Child Participation Assessment Tool

Author: Council of Europe
Category: Civil Rights and Freedoms

18th May 2016

This Assessment Tool provides specific and measurable indicators with which States can begin to measure progress in implementing Recommendation CM/Rec(2012)2 of the Committee of Ministers to member States on the participation of children and young people under the age of 18.

Adoption of the Recommendation (2012)2 by the Council of Europe is testimony to the significance attached by member States to the right of children to participate in decision-making. However, despite the centrality of child participation to the values of this Recommendation and the UNCRC, as well as to their effective implementation, it has been challenging for States to identify what measures are needed to achieve that goal. Furthermore, there have been few successful attempts, to date, to develop meaningful indicators against which States can begin to evaluate the extent to which it is implemented.

This Assessment Tool provides 10 basic indicators that are cross-cutting, rather than thematic, and reflect the three broad measures addressed in the Recommendation:

  • measures to protect the right to participate;
  • measures to promote the right to participate;
  • measures to create spaces for participation.

Accordingly, each one will have implications for many different government departments, and each department will have responsibilities in respect of many of the indicators. For example, departments for education and schools will need to address issues arising in relation to all three types of measure.

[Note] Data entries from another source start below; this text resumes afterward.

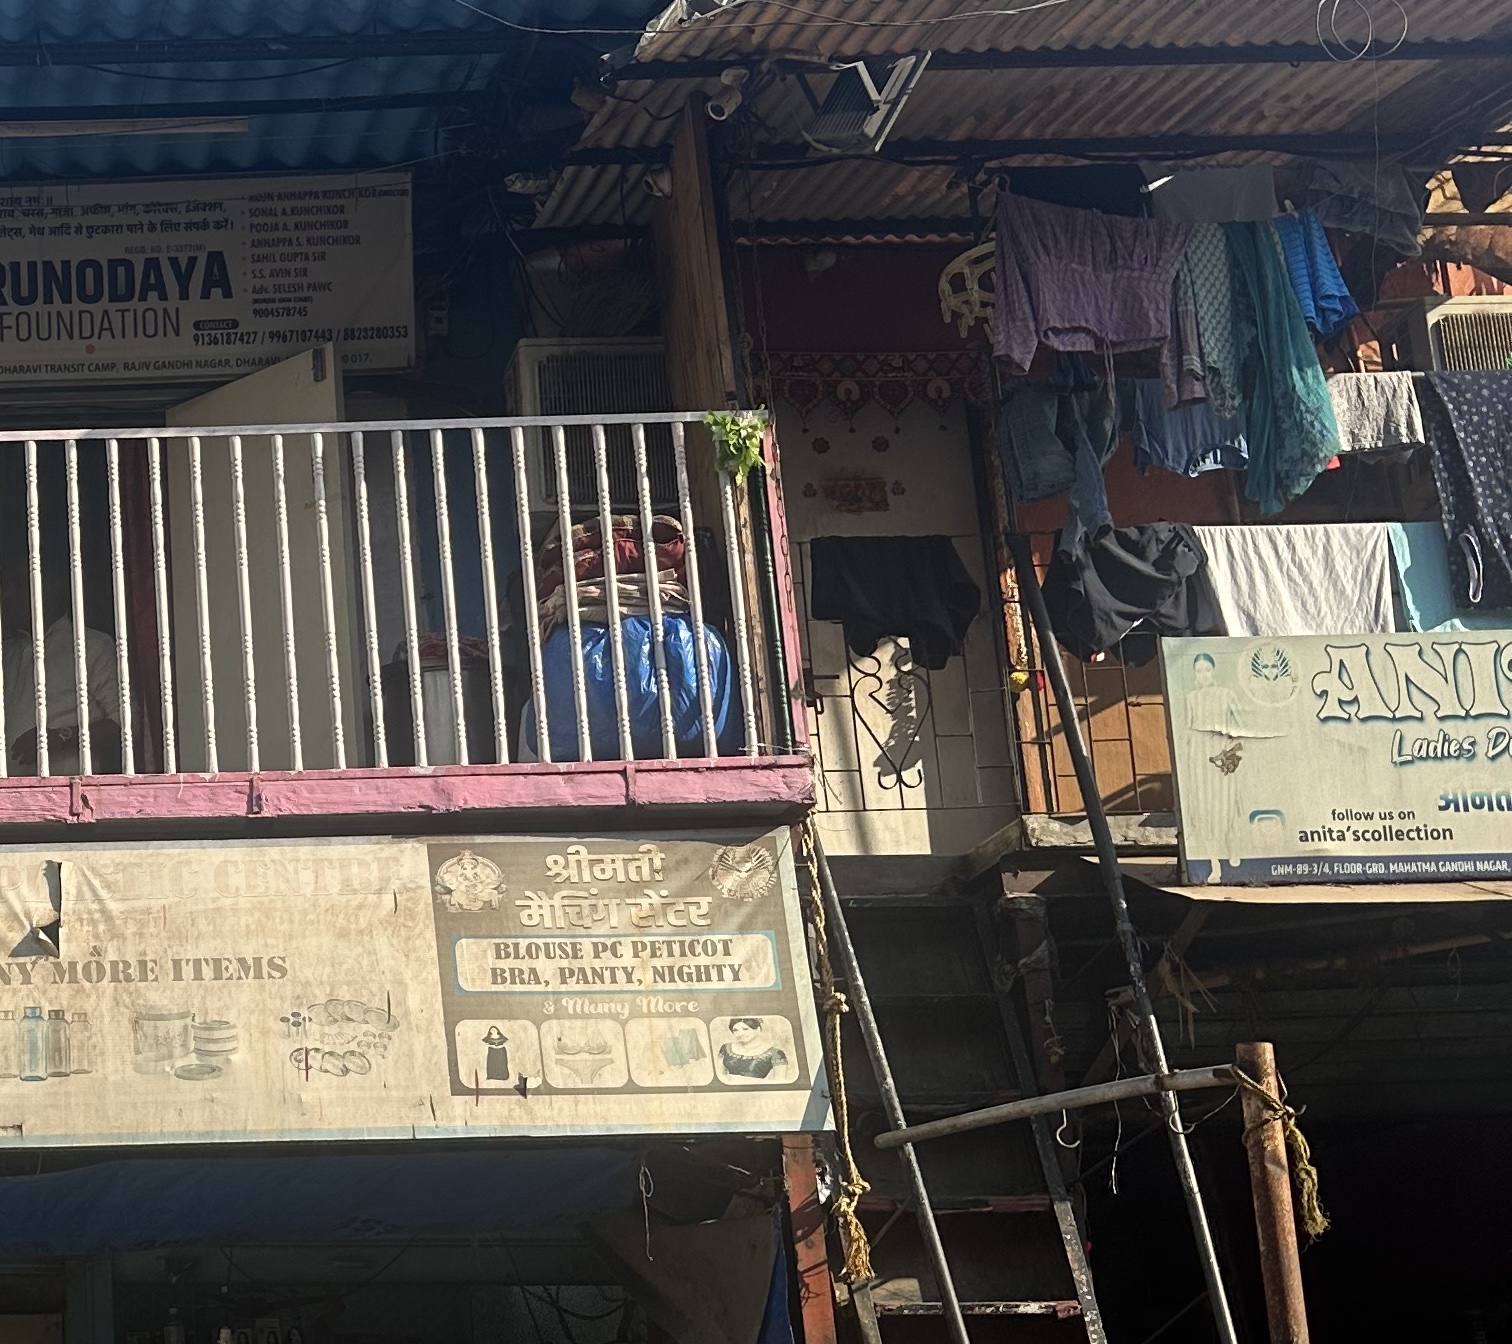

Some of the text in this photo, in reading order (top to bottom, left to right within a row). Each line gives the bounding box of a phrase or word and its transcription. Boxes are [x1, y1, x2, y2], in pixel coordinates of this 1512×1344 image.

[248, 206, 278, 218] SONAL
[48, 222, 70, 236] आदि
[74, 222, 83, 236] से
[126, 221, 144, 234] पाने
[146, 220, 158, 233] के
[160, 219, 181, 233] लिए
[250, 220, 348, 234] POOJA A. KUNCHIKOR
[250, 234, 362, 248] ANNAPPA S. KUNCHIKOR
[250, 252, 327, 264] SAHIL GUPTA SIR
[252, 268, 308, 280] S.S. AVIN SIR
[272, 284, 304, 294] SELESH
[252, 306, 308, 318] 9004578745
[0, 306, 181, 342] FOUNDATION
[200, 320, 233, 330] CONTACT
[192, 332, 258, 347] 9136187427
[268, 328, 333, 344] 9967107443
[44, 363, 86, 374] TRANSIT
[87, 362, 120, 374] CAMP,
[124, 360, 150, 372] RAJIV
[153, 359, 194, 371] GANDHI
[195, 358, 234, 370] NAGAR,
[1390, 728, 1476, 765] Ladies
[1331, 808, 1416, 822] follow us on
[544, 843, 666, 884] श्रीमती
[1390, 861, 1437, 873] MAHATMA
[1438, 860, 1474, 872] GANDHI
[1476, 860, 1511, 873] NAGAR,
[515, 887, 713, 930] मैचिंग सेंटर
[493, 938, 734, 960] BLOUSE PC PETICOT
[50, 959, 159, 985] MORE
[170, 956, 288, 982] ITEMS
[490, 963, 744, 988] BRA, PANTY, NIGHTY
[542, 994, 700, 1020] & Many More

The Tool will enable States to:

  • raise awareness and understanding of children's right to participation;
  • undertake a baseline assessment of current implementation;
  • help identify measures needed to achieve further compliance;
  • highlight and share good practice;
  • measure progress over time.

The aim of the Tool is to support States in meeting the goals of the Recommendation (2012)2, and in so doing, fulfilling their obligations to children. It will also be of particular value in strengthening reporting on progress on implementing Article 12 to the Committee on the Rights of the Child. It is recognised that the indicators will require the collection of data that may not currently be readily available. They may also require additional analysis of existing data. This is unlikely to be achieved in the short term. It is important, therefore, to understand progress towards meeting the indicators as an incremental process.

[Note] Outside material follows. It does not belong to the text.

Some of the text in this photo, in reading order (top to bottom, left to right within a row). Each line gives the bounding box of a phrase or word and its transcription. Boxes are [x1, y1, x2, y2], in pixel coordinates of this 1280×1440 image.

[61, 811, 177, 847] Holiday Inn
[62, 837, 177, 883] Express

It is hoped that States will share the Tool across government ministries, throughout local authority administrations, with the courts and judicial systems, with relevant professionals working with children and young people, with academic and civil society partners, and with organisations of and working for children and young people. The greater the transparency and openness in disseminating the Tool, the greater will be its effectiveness in creating a transformation in the right of children to be heard.